Monday, September 11, 2017

Hurricanes, Earthquakes, Fires, and False Security


Life is fragile. Of all the nations of the world there are few which live as far away from that knowledge as the citizens of the United States. Two oceans protect us. Economic and natural resources cushion life for many of us. We live in a cocoon – unless of course we live in poverty, but we don’t like to think about that segment of the population – too unpleasant.

Yes, to be sure, there is suffering at all economic levels; sickness, relational problems, and the death rate still remains at 100%; but we have learned to isolate those things and medicate ourselves so we don’t have to dwell on those unpleasantries too long. We are good at building emotional and psychological and spiritual firewalls. We are a rich enough country so that our dead no longer need to be laid out in the parlor at home, we can make appointments with them and see them during viewing hours. We no longer bare one another’s burdens, we pay someone with initials after his or her name to listen to our fears; we no longer need our neighbor, we can pay someone to be our neighbor for an hour a week…well…actually 50 minutes.

But then a hurricane comes, or a tornado, or a forest fire, or an earthquake – then we see the best and the worst of humanity; from neighbor helping neighbor to neighbor stealing from neighbor and running from neighbor. Then death can lie at our front door or even within our home. Then the fact that life is fragile may strike us for a moment, if not for 50 minutes.

We live with a sense of false security, satiated by pleasure and false values – we think “it” (whatever “it” is) will never happen to us. We are fools. We are like hogs being fed for slaughter. Make us fat with ourselves so we don’t think too much, entertain us, brainwash us with transient values, medicate us into oblivion and we will be a people living without eternal purpose, a people living as if we are gods, a people living without the knowledge that life is fragile and that today may be our last day.

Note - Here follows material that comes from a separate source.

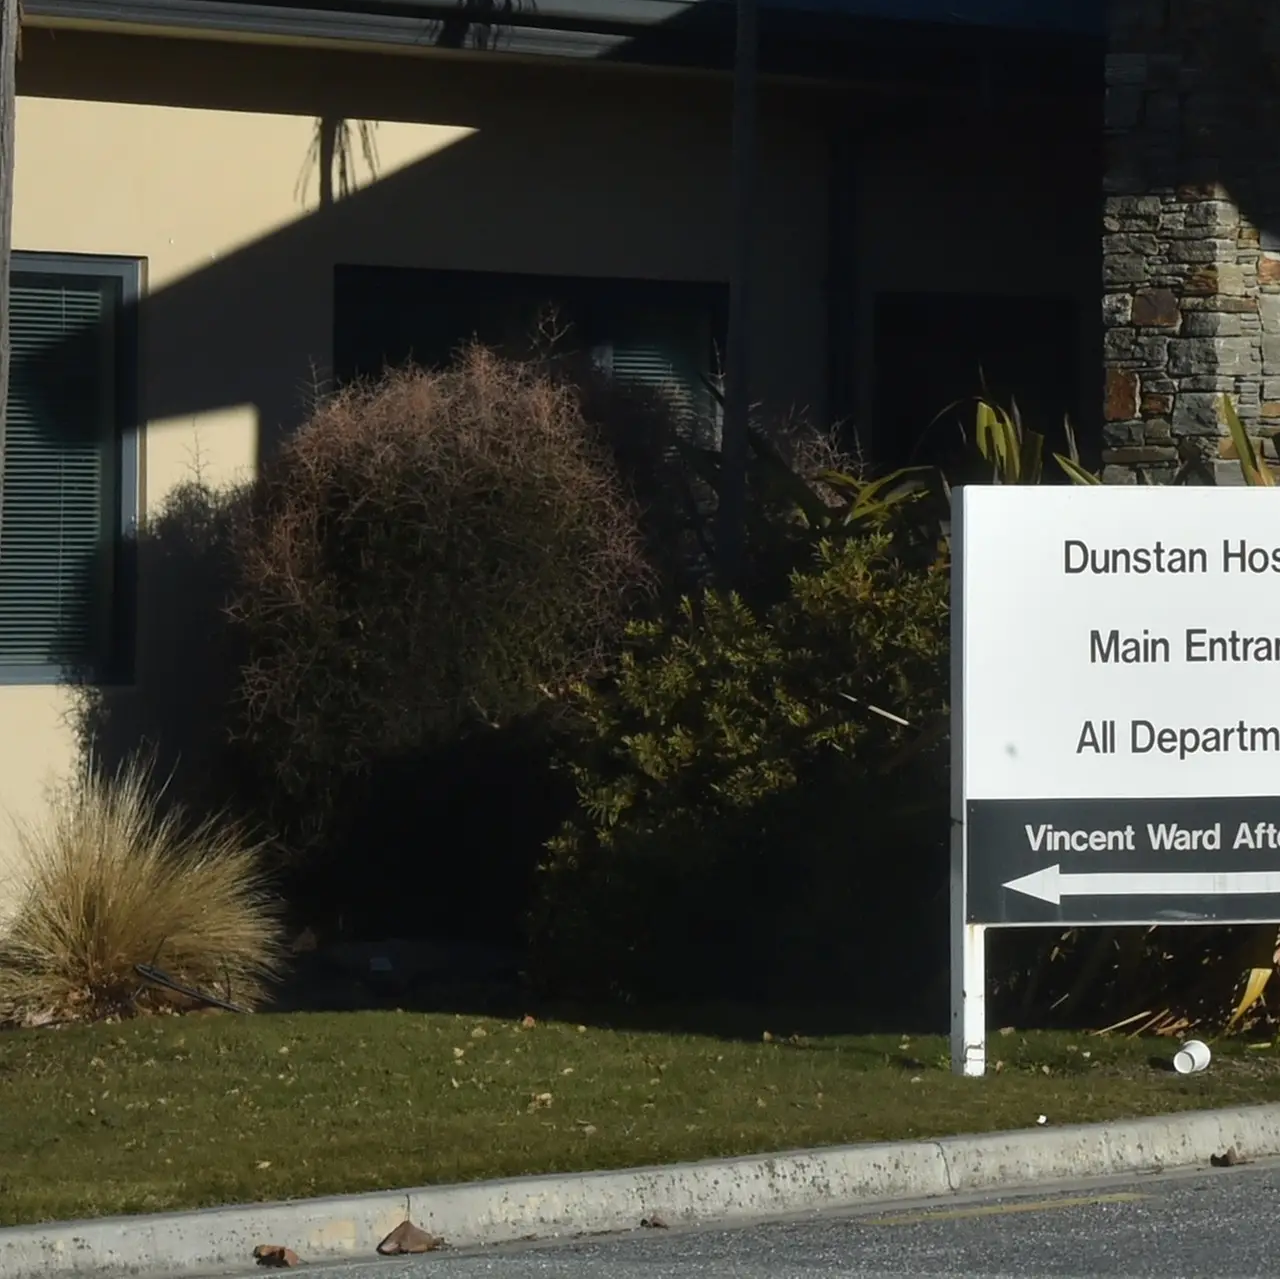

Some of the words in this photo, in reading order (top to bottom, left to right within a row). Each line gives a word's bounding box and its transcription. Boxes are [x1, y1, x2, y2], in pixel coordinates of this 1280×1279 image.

Amid the ashes of the fires in the West, and amid the destruction of hurricanes in the South, various types of people will emerge. There will be those who trusted in Christ before these events and they will continue to find their refuge in Him, knowing that even should loved ones pass through the portal of death that death in Christ is indeed a portal into the deeper presence of God. There will be those who were merely “church folks” who will either come to faith in Christ or who may reject the notion all together because of their experience. There will be those who did not know Jesus beforehand who will come to know Him through the tragedy and who will come to understand that they are more than accidents looking for a place to happen. There will be those who curse God, a God they may not believe in. There will be those who take credit for their own survival – fools indeed they are (in the Biblical sense). But perhaps the most tragic group will be those who say that they have learned that material things are not everything but that family and other people mean more…but who nevertheless still do not live in a relationship with God; I say these may be the most tragic group because they are so close but so far away. Our goodness can be our greatest enemy for we can become self-satisfied with it and others can affirm us in it.

We will see the image of God in the goodness of humanity in these tragedies. We will also see the evil of fallen humanity in the tragedies. We will see predators and servants, lovers and haters, givers and thieves. We will see those who sacrifice themselves and those who sacrifice others.

If we think about it all long enough we may even hear the voice of God speaking to us about who we are, who we should be, why we were created, how much He loves us, and about how He desires a personal relationship with us through His Son Jesus Christ.

Perhaps it’s time to trade our false sense of security for the secure love of God in Jesus Christ.